Is it OK to “celebrate” a wedding anniversary years into a “failed” marriage? This has often surfaced as a question when I look back over the many years of being on my own. Firstly, is “celebrate” the right word, and conversely, is “failed” helping or hindering the remembering process as these anniversaries surface? It is a date that hardly jumps off the calendar, but it still has meaning and it always triggers a period (often quite brief) of reflection and musing on the 3 w’s….. when, why and what if.
Let’s go straight to the “failed” tag. On my wedding anniversary these days I seem to focus irrationally on the wonderful, successful marriages of some of my dearest friends and their long term unions bear testament to the undeniable fact that some people were just meant for each other. A lot of them are marking milestones well along a fifty year journey together and even friends who have notched up twenty plus years as “life partners” are to be lauded and envied as I examine my own situation in these sometimes lonely, senior years. I try to reason with myself that there are plenty of people who have lost a partner and their loneliness must be difficult to bear, while my feelings are the “economy class ticket” in daring to grieve about something that started with such promise and affection only to flicker and falter like a candle robbed of air. Am I allowed to grieve like a widow, am I kidding myself that divorce is even on the same wavelength in terms of loss and isolation?
Losing a partner through accident, fate or choice must have some shared consequences and labelling it according to genuineness is counterproductive in a world where inner feelings are so often assumed to fit a textbook definition. I have seen the pain and despair on the face of a newly widowed mother, holding her children tightly, scared to acknowledge her own grief in an effort to set an example to her bewildered offspring in the face of the inexplicable. Similarly I have seen the resignation and desolation in the eyes of a partner farewelling her soulmate of many years as she realises the emptiness that lays ahead of her in a world without shared light. And I know myself the “sometimes” ache of living the good times and the tough ones, without that other person at your side. Every year as this July date comes around, I go through these sort of questions, and I often feel a fraud because I admit to feeling a sadness and then an envy of friends who can celebrate with joy and fulfilment.
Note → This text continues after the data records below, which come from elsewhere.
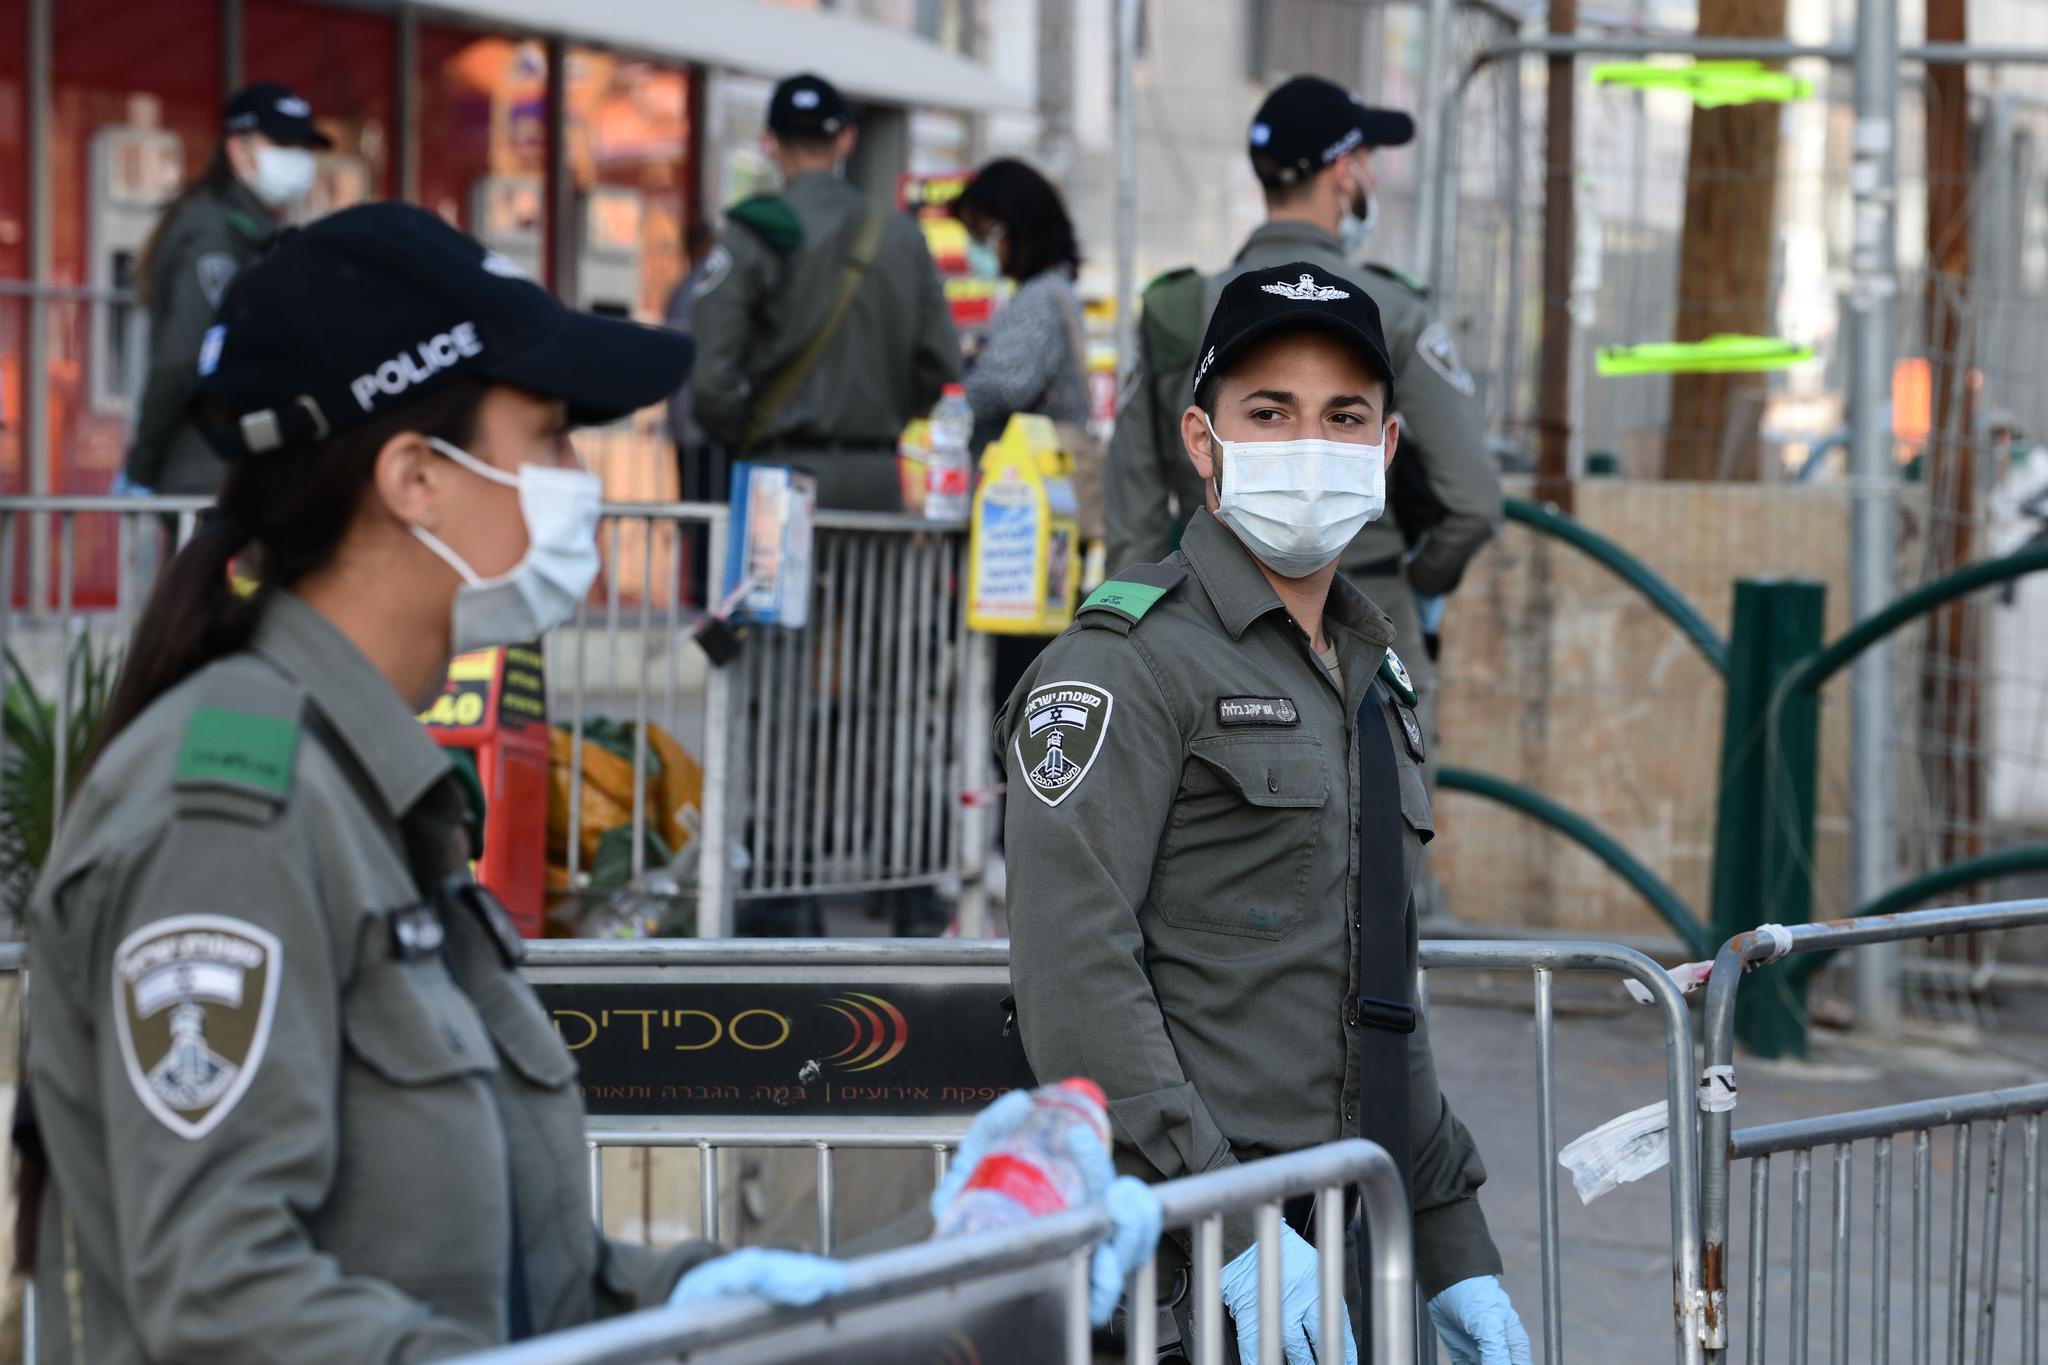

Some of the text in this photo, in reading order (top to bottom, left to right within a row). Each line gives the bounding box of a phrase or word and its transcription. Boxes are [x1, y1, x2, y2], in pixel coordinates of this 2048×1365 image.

[350, 320, 484, 412] POLICE
[1056, 691, 1102, 708] משטרת
[544, 1009, 791, 1051] ספידיק
[661, 1086, 740, 1099] הגברה
[840, 1086, 929, 1100] אירועים
We have a shared calendar on our phones these days – a sign of the times where “notifications” have replaced remembering, and my granddaughter asked about my wedding day this week when she saw I had included my anniversary in amongst the school, social, pony club and pandemic reminders. She has never met her grandfather, and is at the age where curiosity urgently requires satisfaction and the inevitable ten second “news grab” before attention and focus lurch into more important territory in the pre-teen world. We got out the photo album and we even went through my recent blog about crocheting “that” dress, and I was surprised at the emotions that surfaced as I looked at the pictures and unwrapped the dress for her to handle. I realised there actually was something to “celebrate”, forty seven years after that cold but magical day… I have them, I have my grandchildren. My marriage was not a failure, it was an outstanding success and the years and anniversaries have not been wasted.
So my mixed emotions at this time of year are like waves building in the ocean and pushing towards the shore. Sometimes an angry breeze whips the wave tops into a froth of violent spray that surges onto defiant rocks and only dissipates when defeated by an unmoving wall. Other undulations course calmly to the waiting beach and spill their gentleness onto porous sands. Does this mean I regret the past and wish I could change it all and start over again? Does it mean I harbour a resentment that will dash me against rocks as I futilely wish things were different? Does it mean I have grown and accepted my lot as I allow my experiences to seep into the sands of the next generation? Questions, some that will remain unanswered, that emerge each year at this time. And it brings me back to that original thought about grieving or celebrating a marriage that has ended. I would like to think I can do both – I have “lost” a partner and there is a feeling akin to grief that I should not be ashamed of, and there is also an undeniable reason to celebrate as I see the joy and hope in the eyes of those who will embrace a future of their own, because I did say “I do”.